Records from a data collection:
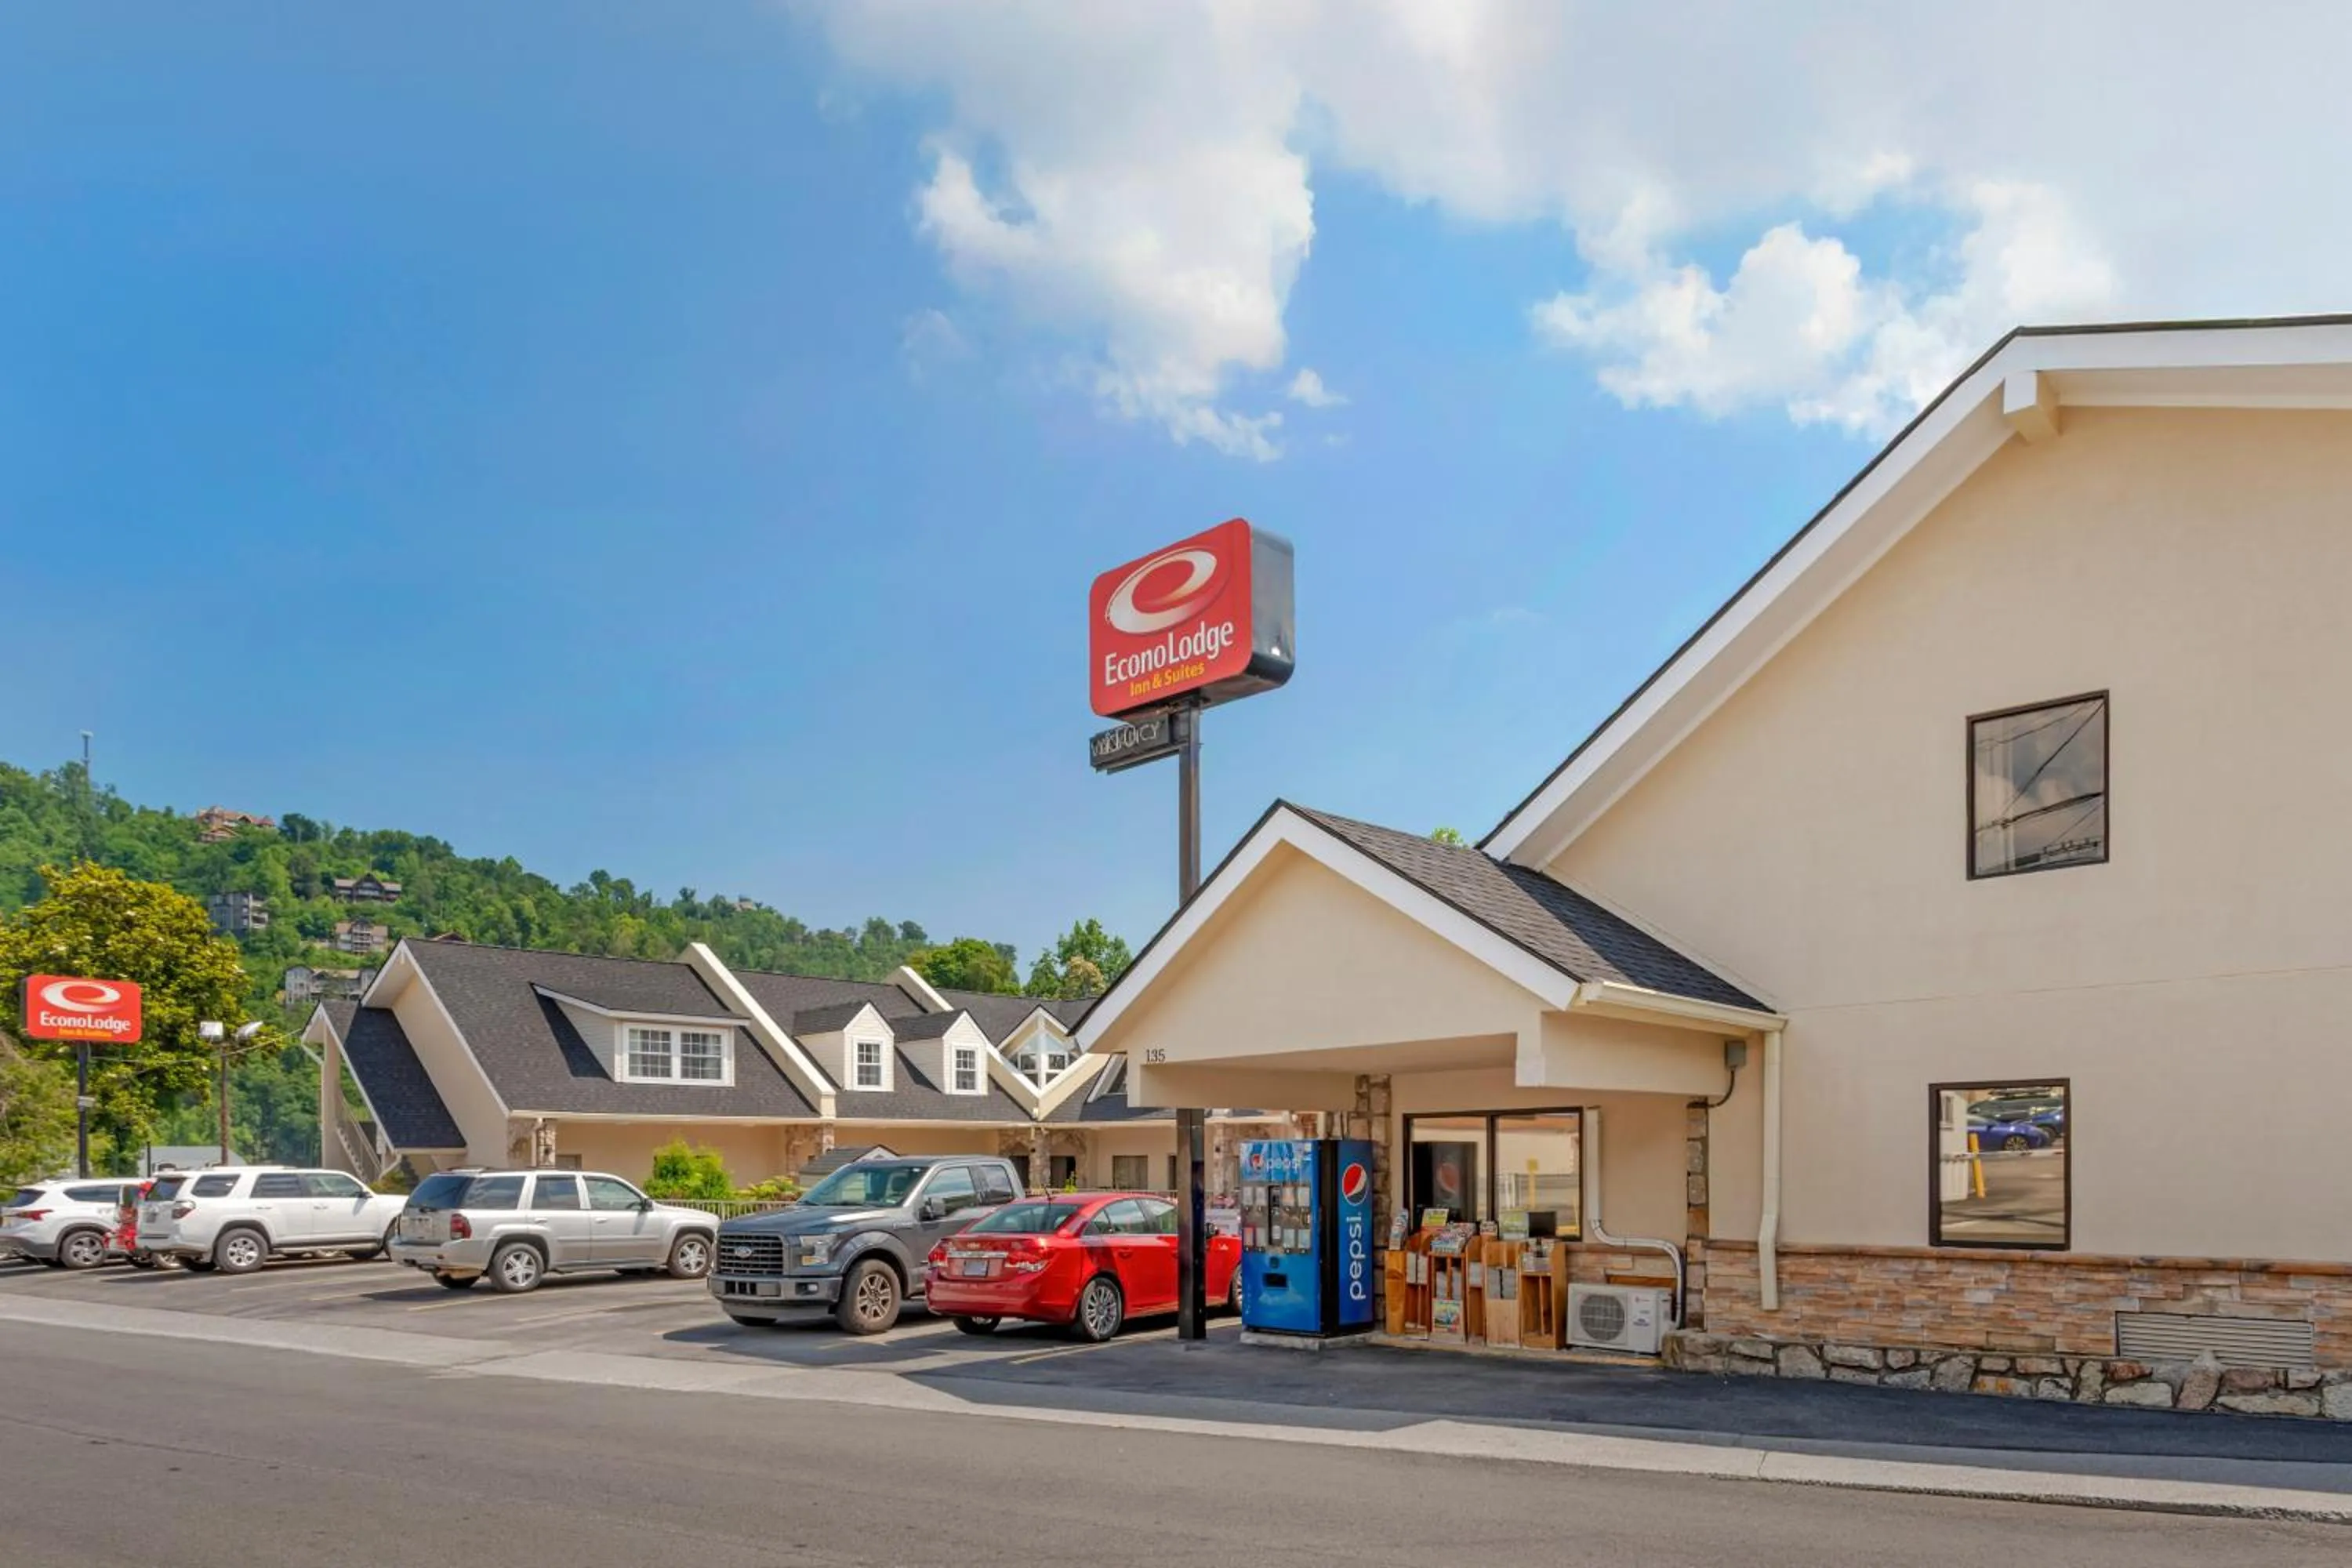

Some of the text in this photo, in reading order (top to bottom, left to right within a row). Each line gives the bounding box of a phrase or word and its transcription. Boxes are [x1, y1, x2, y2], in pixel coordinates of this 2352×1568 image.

[1104, 620, 1234, 686] EconoLodge
[1130, 662, 1205, 697] Inn & Suites
[39, 1011, 132, 1033] EconoLodge
[1146, 1048, 1166, 1062] 135
[1346, 1216, 1367, 1301] pepsi

Task statement: Set every record down exactly, omitting pictures.

Task output:
Some of the text in this photo, in reading order (top to bottom, left to right within a row). Each line gives the bounding box of a phrase or word and its transcription. Boxes are [x1, y1, x2, y2], in pixel coordinates of this 2352×1568 image.

[1104, 620, 1234, 686] EconoLodge
[1130, 662, 1205, 697] Inn & Suites
[39, 1011, 132, 1033] EconoLodge
[1146, 1048, 1166, 1062] 135
[1346, 1216, 1367, 1301] pepsi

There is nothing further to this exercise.